El caballero de Athalantar se inclinó hacia adelante en la silla.

—Venimos del Castillo Rebelde —dijo con las cejas enarcadas—. Había muchos hombres buenos muertos allí, pero Mauri no encontró a Eladar entre ellos.

—Cuando ya no me quedaron más soldados que matar, vine hacia aquí —respondió Elminster con seriedad—. Habían encontrado la localización del Castillo y tenía que acabar con el resto antes de que tuvieran oportunidad de informar. Fueron hacia un campamento, esas lumbres de allí abajo, y se reunieron con otro grupo de soldados, probablemente más numeroso que éste, que tiene que estar por ahí, en alguna parte. —Señaló hacia la noche—. Daban un rodeo para atraparme.

—¡Onthar! ¡A mí! —llamó a gritos Helm, por encima del hombro, y luego añadió—: Únete a nosotros y los atacaremos, juntos. ¡Hay sillas de montar vacías de sobra!

Elminster sacudió la cabeza.

—He de ocuparme de un asunto pendiente —dijo al tiempo que señalaba con un gesto hacia el campamento, invisible desde aquí—. Con unos hechiceros.

La feroz sonrisa de Helm se desvaneció.

—¿Estás ya preparado? —preguntó quedamente—. ¿Preparado
de verdad
, chico?

Elminster alzó las manos, la ballesta sujeta de una de ellas.

—Hay al menos uno ahí abajo que sabe quién soy y cuál es mi aspecto.

Helm frunció el entrecejo y asintió; dio un taconazo a su caballo para que se adelantara y palmeó a Elminster en el hombro.

—Entonces, espero volver a verte vivo, mi príncipe. —Mientras hacía volver grupas a su montura, preguntó—: ¿Serviría de algo que un proscrito loco entrara a la carga en el campamento?

—No, Helm. —Elminster sacudió la cabeza—. Tú encárgate de esos soldados. Si acabas con todos, el Castillo Rebelde estará a salvo durante un invierno o dos más, siempre y cuando tus proscritos tengan el sentido común de abandonarlo el próximo verano. Cuando la nieve se haya fundido, ten por seguro que los hechiceros registrarán estas colinas con todos los conjuros y armas que tengan a su disposición.

—Una idea muy sensata —dijo Helm con un cabeceo—. Ojalá volvamos a vernos entre los vivos. —Hizo un saludo con la espada, al que Elminster respondió levantando su ballesta, y, espoleando su caballo, se alejó mientras empezaba a nevar otra vez.

Los suaves copos caían incansablemente, arremolinados. Elminster se metió un puñado de nieve en la boca para beber un poco de agua, recogió las ballestas, las amartilló y echó a andar por las colinas, hacia el campamento.
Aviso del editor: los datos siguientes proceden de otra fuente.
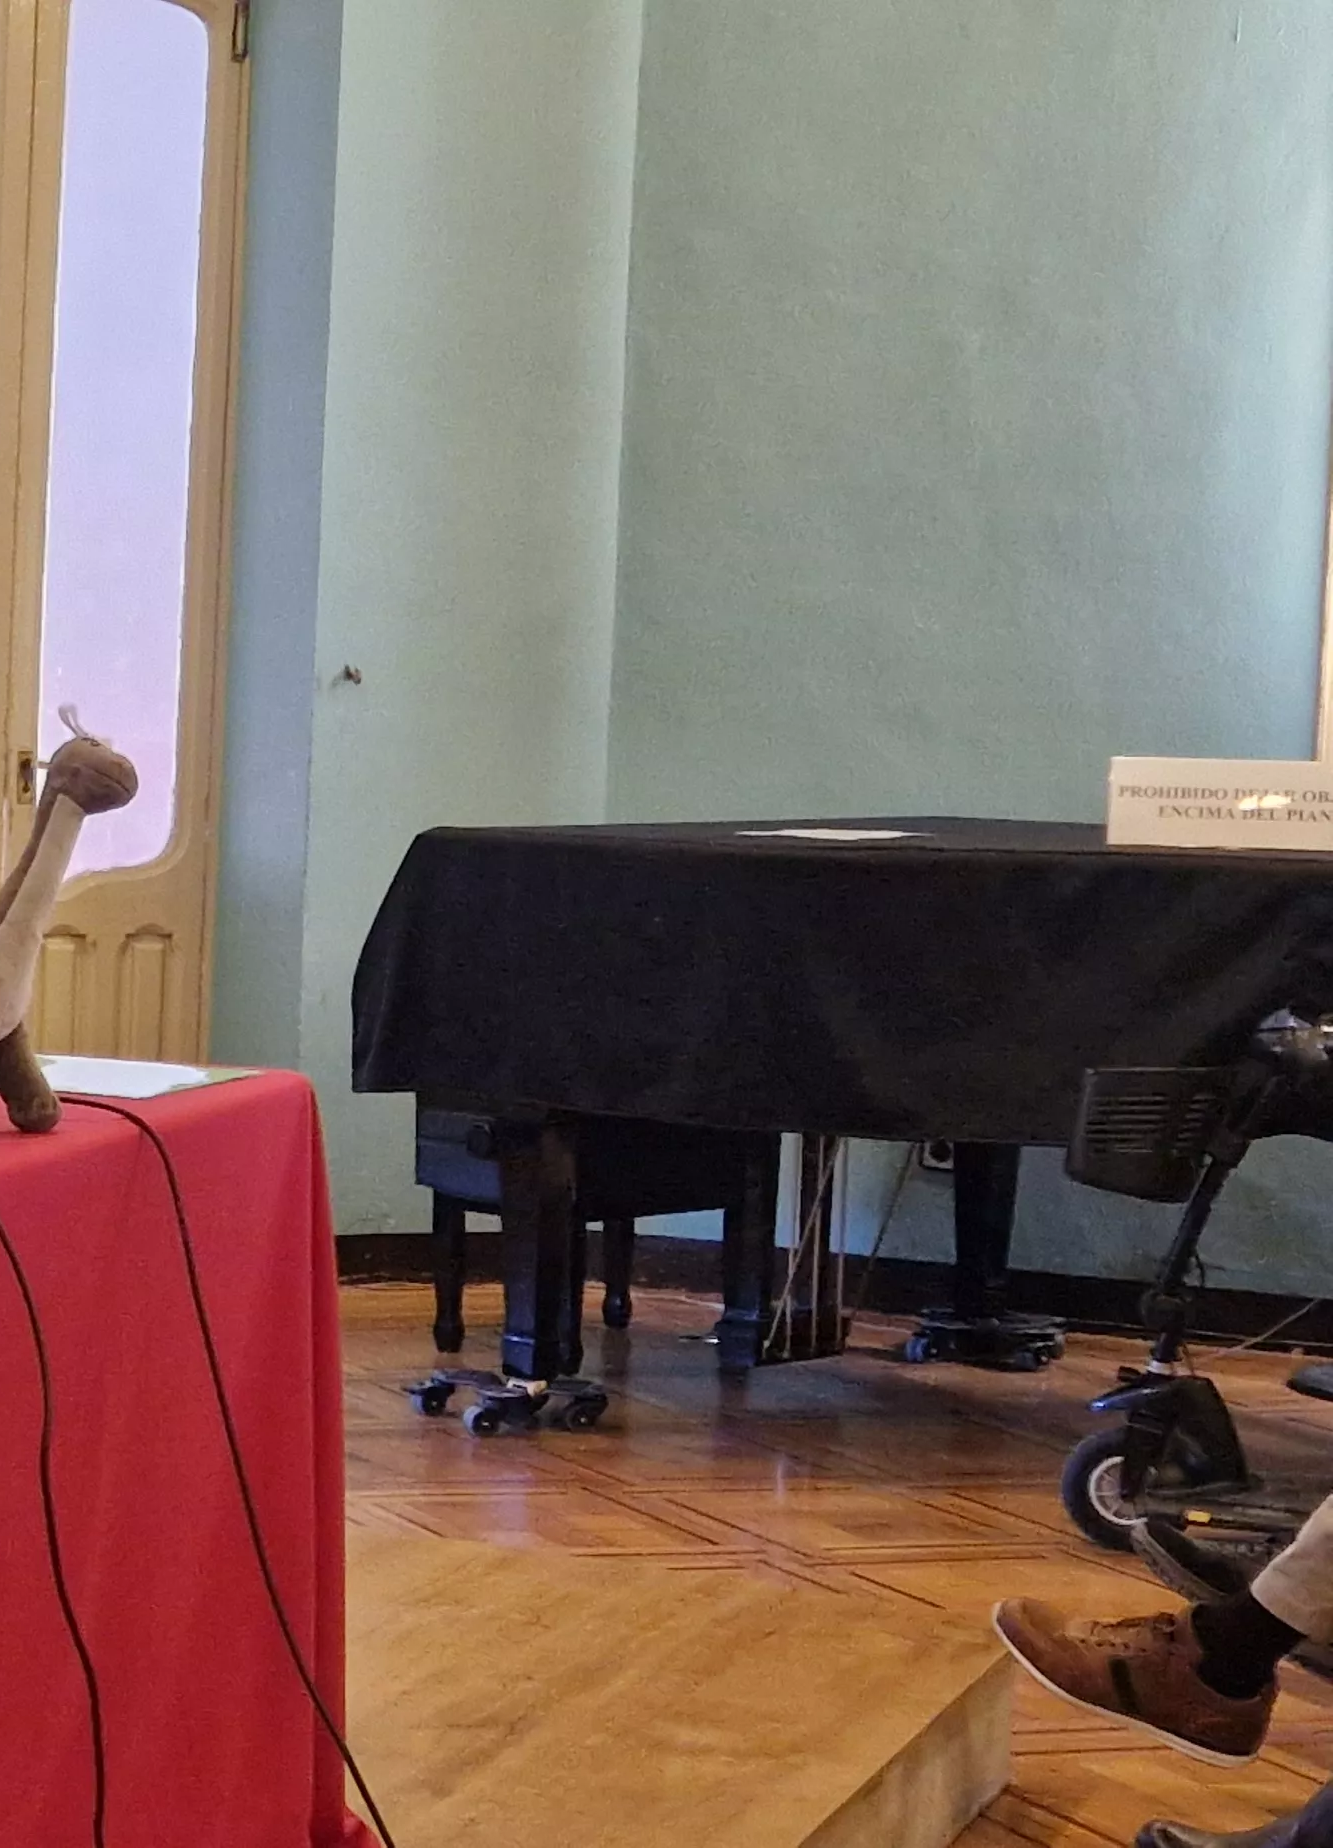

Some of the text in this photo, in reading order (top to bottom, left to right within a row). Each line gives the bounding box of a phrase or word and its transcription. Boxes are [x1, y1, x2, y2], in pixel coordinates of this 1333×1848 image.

Hizo un amplio giro a la derecha con el propósito de llegar a él por el lado contrario, aunque ¿podría un mago ver en todas direcciones gracias a los conjuros?

En fin, sin duda también a ellos tendrían que acabárseles los hechizos del mismo modo que a los soldados se les terminaban las saetas. Tenía que contar con que no utilizaran sus bolas de cristal o algún conjuro de búsqueda para localizar a un muchacho solitario que iba a pie por el campo nevado. Si llegaba vivo al próximo amanecer, reflexionó Elminster, tendría mucho que agradecer a los dioses, desde luego...

Trípodes improvisados con alabardas sostenían en alto las parpadeantes linternas de tormenta. La nieve se arremolinaba constantemente en su brillante resplandor donde, en el mismo centro del campamento, el hechicero Caladar Thearyn escudriñaba fijamente una esfera de luz radiante que flotaba en el aire ante él. Aunque la noche era fría, el sudor le perlaba la frente por el esfuerzo de mantener la existencia de la esfera; y dentro de un par de segundos tendría, además, que ejecutar un hechizo en su interior, un hechizo de muchos rayos zigzagueantes que, si conseguía ejecutarlo correctamente, saldrían lanzados desde la distante esfera conectada a ésta; una esfera que flotaba como un pálido espectro sobre las colinas nevadas, no muy lejos de aquí, justo delante de la banda de proscritos que cabalgaba a todo galope.